Does Every Purchase Have to Mean Something?

Someone asked me the other day whether every purchase and financial transaction has to have deep meaning.

“To hear you talk sometimes,” this person said, “no one should ever buy anything unless they’ve carefully researched it, dissected it, and tallied the impact on the budget. Doesn’t anyone get to have any fun with their money?”

Okay, that’s pretty fair criticism. I am guilty at times of preaching that people should consider the impact on their budget of everything they buy. I’ll admit that I’m not that kind when someone comes running up to me to tell me that they’ve blown $500 that they hadn’t budgeted for on something like shoes or electronics that they don’t need.

That doesn’t mean that I’m against having fun, however. If you never have any fun with your money, what’s the point of working so hard to earn it? Unless you’re living at a level where literally every penny is needed to pay for necessities, you should have a little fun with your money. The idea I’m trying to get across when I tell people that they need to consider the merit and cost of every purchase is that your fun must fit into the budget.

If you have $200 left over every month to blow, your fun budget is different from the person who has $2,000 to blow. If you’re the one with $200, you are not free to blow it on a $2,000 computer unless you have banked ten months of blow money. The more money you have, the more you can blow, but you still have to stay within your budget.

I’m not opposed to seeing something in a store and saying, “I have to have that,” as long as you know how it fits into your overall spending plan. This means you have to know what you spend on necessities each month and what goes to savings. You have to know what you can blow on silly stuff. If that gotta have it item fits into your budget and you’re okay buying it right then and there without researching it or looking for a sale, then go ahead. Buying it just means that you might have to pass on other gotta have it items for the rest of the month. If your gotta have it item is more than you have, you either need to wait for a sale or you need to save a few months’ worth of blow money and then buy it. Have your fun, but do it within the budget.
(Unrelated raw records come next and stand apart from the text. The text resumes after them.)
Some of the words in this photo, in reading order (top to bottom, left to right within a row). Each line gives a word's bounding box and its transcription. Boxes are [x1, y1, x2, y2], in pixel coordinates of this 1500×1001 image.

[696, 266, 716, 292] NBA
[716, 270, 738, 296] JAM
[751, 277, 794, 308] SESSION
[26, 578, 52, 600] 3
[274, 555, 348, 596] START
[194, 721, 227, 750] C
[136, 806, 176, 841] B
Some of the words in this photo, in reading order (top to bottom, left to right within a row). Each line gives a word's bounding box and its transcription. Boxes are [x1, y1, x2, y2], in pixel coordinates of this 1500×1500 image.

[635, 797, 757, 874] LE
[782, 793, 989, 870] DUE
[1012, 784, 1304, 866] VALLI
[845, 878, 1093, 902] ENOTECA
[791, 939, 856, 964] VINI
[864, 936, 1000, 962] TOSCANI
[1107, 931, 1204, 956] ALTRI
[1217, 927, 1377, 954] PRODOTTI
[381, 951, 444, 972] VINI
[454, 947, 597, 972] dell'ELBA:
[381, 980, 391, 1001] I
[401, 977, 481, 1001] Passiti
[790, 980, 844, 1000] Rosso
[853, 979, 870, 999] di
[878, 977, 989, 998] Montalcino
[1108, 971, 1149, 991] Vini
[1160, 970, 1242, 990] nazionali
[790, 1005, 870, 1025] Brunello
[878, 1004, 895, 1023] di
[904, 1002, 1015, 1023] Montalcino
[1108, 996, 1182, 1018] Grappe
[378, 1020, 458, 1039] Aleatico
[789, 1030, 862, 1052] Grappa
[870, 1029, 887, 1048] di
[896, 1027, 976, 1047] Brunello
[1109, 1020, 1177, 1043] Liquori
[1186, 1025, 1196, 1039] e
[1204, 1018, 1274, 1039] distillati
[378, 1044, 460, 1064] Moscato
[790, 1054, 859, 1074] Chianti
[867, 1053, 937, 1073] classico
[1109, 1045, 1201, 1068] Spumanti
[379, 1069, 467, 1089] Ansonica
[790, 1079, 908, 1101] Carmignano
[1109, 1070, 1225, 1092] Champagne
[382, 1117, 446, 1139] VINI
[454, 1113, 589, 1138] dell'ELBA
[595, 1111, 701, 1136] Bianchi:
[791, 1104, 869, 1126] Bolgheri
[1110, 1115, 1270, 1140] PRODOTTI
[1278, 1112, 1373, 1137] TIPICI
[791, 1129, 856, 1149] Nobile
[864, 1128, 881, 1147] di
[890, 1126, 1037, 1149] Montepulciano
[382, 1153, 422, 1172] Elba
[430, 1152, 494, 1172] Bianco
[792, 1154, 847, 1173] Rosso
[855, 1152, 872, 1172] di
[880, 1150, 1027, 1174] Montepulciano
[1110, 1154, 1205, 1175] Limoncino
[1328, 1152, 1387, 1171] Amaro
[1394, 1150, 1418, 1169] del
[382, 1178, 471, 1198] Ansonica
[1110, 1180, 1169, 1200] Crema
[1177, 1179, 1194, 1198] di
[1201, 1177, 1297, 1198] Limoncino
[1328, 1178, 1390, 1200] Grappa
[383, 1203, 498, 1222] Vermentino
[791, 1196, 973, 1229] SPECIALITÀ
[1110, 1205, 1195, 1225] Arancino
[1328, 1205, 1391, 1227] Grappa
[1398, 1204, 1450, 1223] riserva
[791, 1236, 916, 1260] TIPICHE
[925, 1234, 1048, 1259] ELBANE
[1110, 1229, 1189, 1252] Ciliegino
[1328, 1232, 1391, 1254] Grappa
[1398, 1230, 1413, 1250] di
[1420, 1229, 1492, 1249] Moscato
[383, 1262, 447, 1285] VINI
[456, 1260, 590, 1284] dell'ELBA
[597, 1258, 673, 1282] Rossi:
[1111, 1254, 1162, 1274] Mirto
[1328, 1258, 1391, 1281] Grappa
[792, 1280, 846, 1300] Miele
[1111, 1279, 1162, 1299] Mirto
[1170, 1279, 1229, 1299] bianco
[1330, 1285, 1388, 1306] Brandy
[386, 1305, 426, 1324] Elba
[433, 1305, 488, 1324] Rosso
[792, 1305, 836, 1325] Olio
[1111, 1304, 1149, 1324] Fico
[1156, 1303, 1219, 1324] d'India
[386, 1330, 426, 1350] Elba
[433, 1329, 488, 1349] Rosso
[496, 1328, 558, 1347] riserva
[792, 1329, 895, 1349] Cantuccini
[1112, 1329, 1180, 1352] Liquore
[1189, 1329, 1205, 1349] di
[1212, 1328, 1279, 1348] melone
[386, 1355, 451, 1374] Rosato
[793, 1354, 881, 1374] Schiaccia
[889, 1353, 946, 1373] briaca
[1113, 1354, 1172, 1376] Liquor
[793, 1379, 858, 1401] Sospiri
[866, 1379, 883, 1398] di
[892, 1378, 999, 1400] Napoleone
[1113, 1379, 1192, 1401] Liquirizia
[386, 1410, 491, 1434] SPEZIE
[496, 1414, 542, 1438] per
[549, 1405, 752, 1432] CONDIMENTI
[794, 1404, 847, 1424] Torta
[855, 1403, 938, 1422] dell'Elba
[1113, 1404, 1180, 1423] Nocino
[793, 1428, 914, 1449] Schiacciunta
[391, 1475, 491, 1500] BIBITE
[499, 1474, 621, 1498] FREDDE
It sounds like simple stuff, but since it’s where so many people go wrong I feel justified in sometimes being the no fun police. I’d rather tell people to curtail their fun than tell them to just spend willy nilly.

The bottom line is that every purchase does have deep meaning. It may not mean much from a usefulness standpoint; you are free to buy completely useless and frivolous items. However, the silly, random purchases you make mean something in the larger context of your finances and you have to consider that meaning or risk ending up in trouble. You don’t have to buy only things that have great meaning or utility, but you do have to understand that every purchase impacts your budget and plan accordingly.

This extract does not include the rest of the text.